The bad news is that apparently there is a revision to the Vaio TX series called the TX2 due out later this year that does not have a fan at all. Oh well. I can't wait, I can't go back to my big huge dell.
So I am going to follow the advice of all my friends, and order the Fujitsu P7120. It's a very comporable laptop with similar size, weight, specs, and battery life except it HAS NO FAN AT ALL. It's also got an array mic, and the folks at Fujitsu are very nice to me. I also get a DVD burner (which cost an extra $300 on the Vaio). Finally, the keyboard on the Fujitsu is a bit more roomy than the Sony and has normal keys (not flat painted ones).

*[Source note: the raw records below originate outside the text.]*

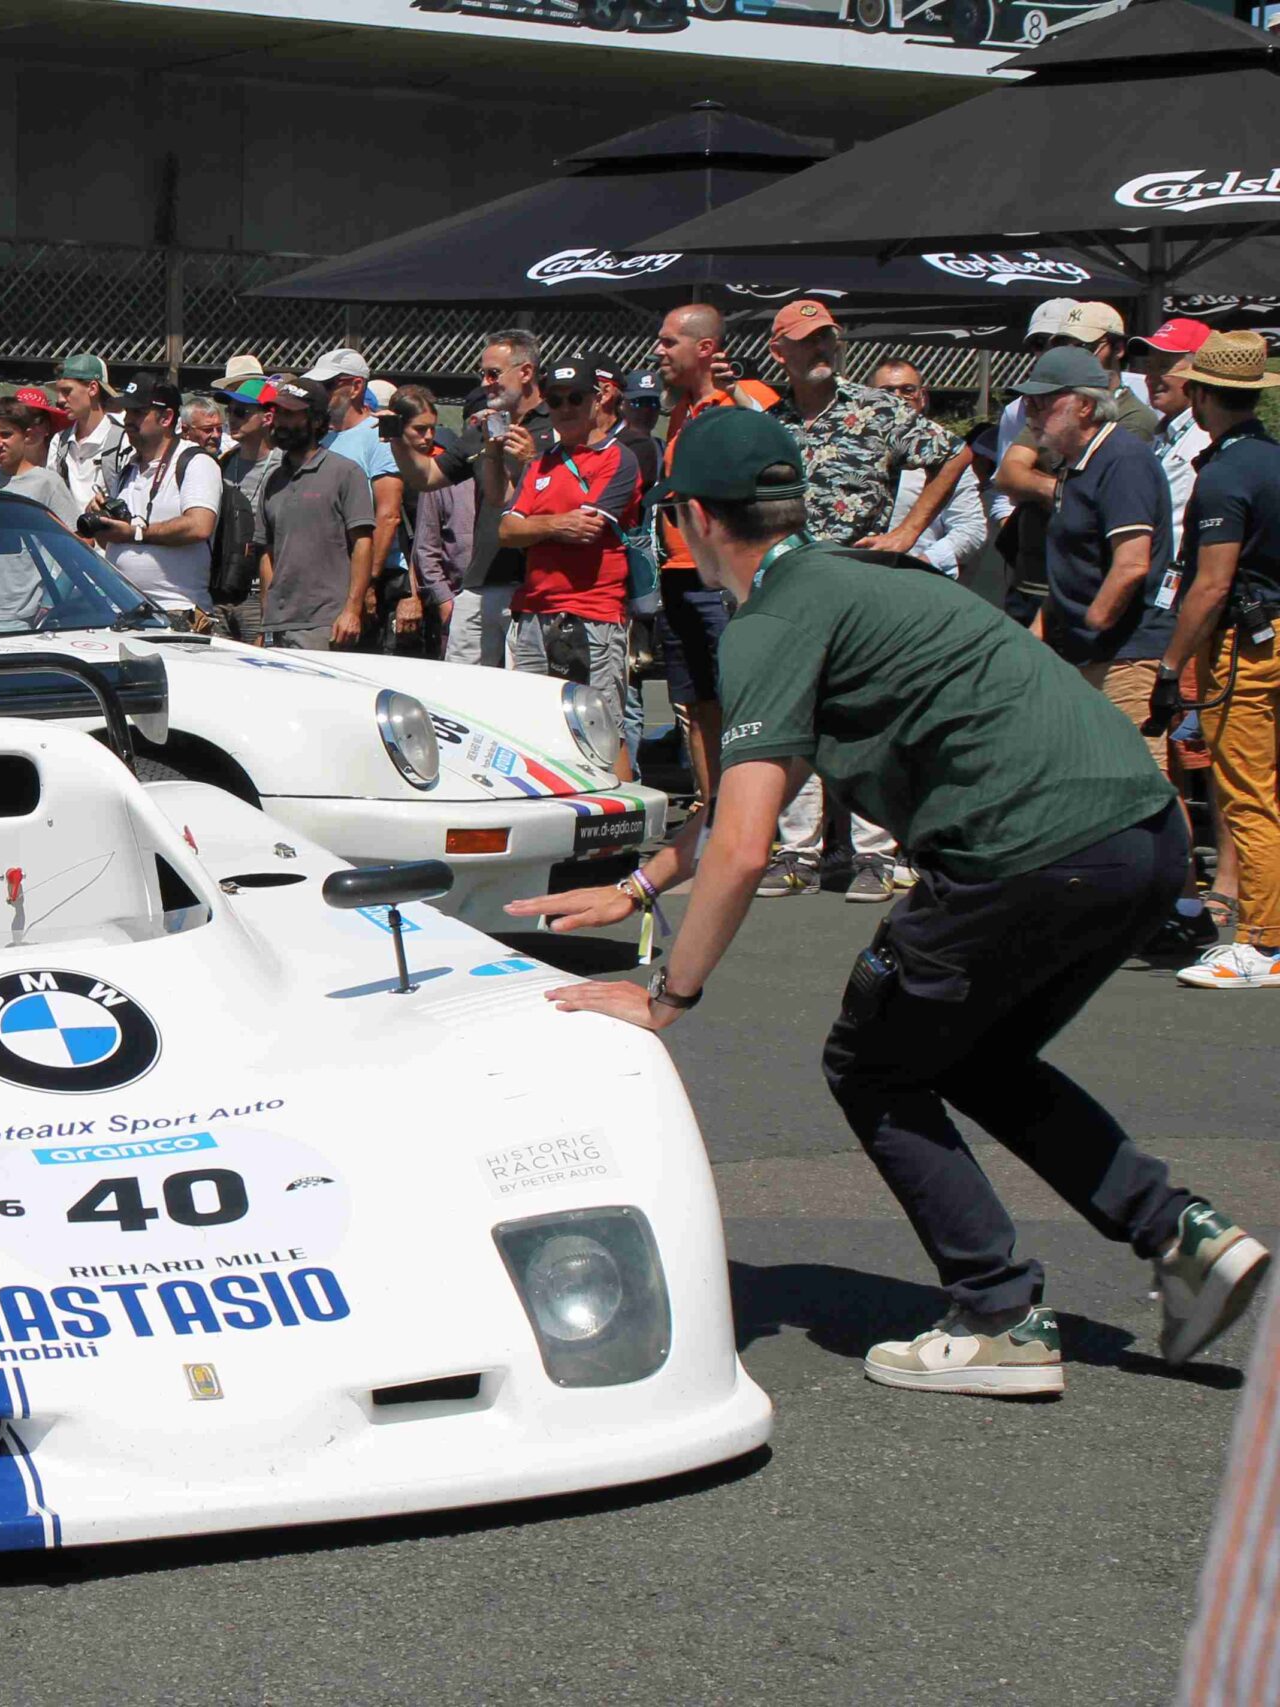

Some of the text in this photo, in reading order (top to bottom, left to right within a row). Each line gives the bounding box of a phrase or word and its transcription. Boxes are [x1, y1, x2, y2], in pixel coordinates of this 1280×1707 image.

[1029, 14, 1042, 40] 8
[108, 1112, 198, 1136] Sport
[206, 1097, 285, 1121] Auto
[50, 1136, 201, 1163] aramco
[486, 1134, 595, 1168] HISTORIC
[491, 1146, 602, 1181] RACING
[499, 1164, 608, 1194] BY PETER AUTO
[65, 1168, 250, 1231] 40
[69, 1247, 308, 1279] RICHARD MILLE
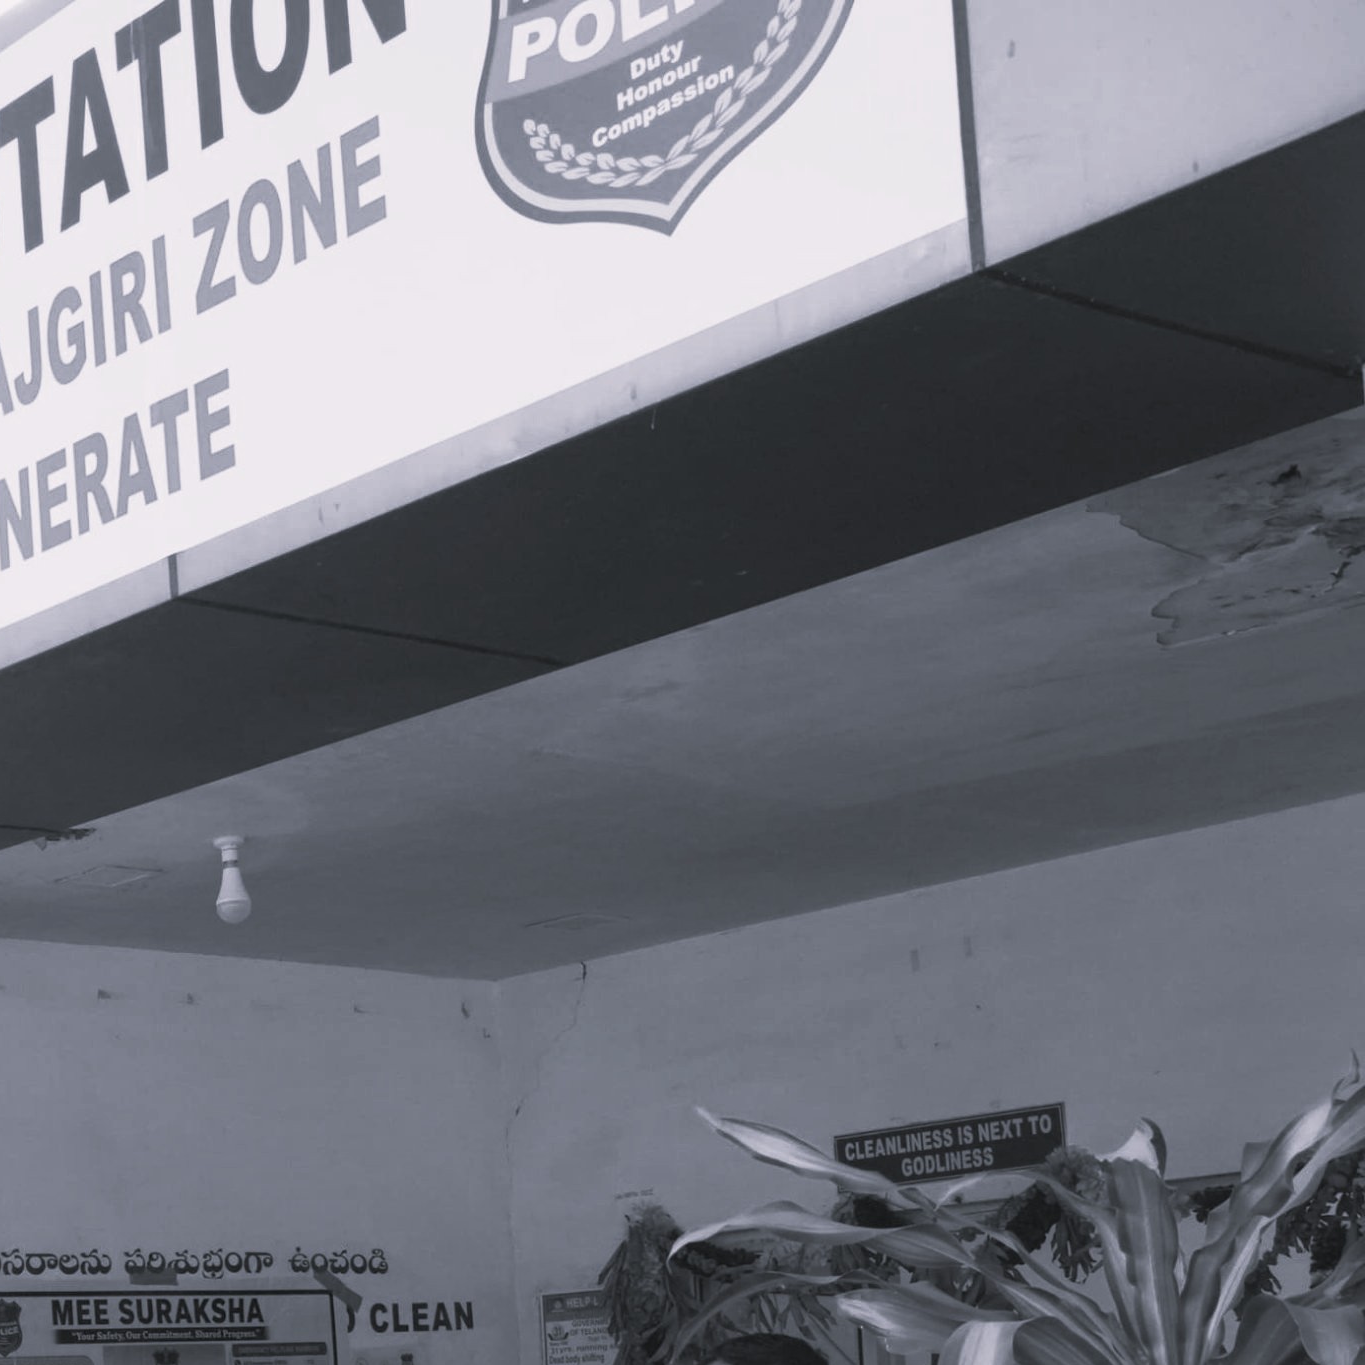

I ordered the Fujitsu today; it ships monday and the will overnight it for $30 or ship via ground for free. Sony on the other hand will ship the unit 2-3 business days after you order it, will charge you $70 for ground and $140 for overnight. Also Fujitsu will not crap all over my hard drive and they include a recovery disk on DVD.
I'll let you know how it goes. I'm going to keep the Sony another week till I evaluate the Fujitsu, but will in all likleyhood send it back to Sony for a refund. And all those folks that gave me crap about supporting the Rootkit company rest easy .
But I am going to miss the extra resulution on my Vaio. 1366 x 768 is a great display resolution for this small laptop. Those extra pixels matter .
In the end it will probably be a wash. I give a few things up, gain a few things I didn't have and I won't have to listen to a cpu fan every day.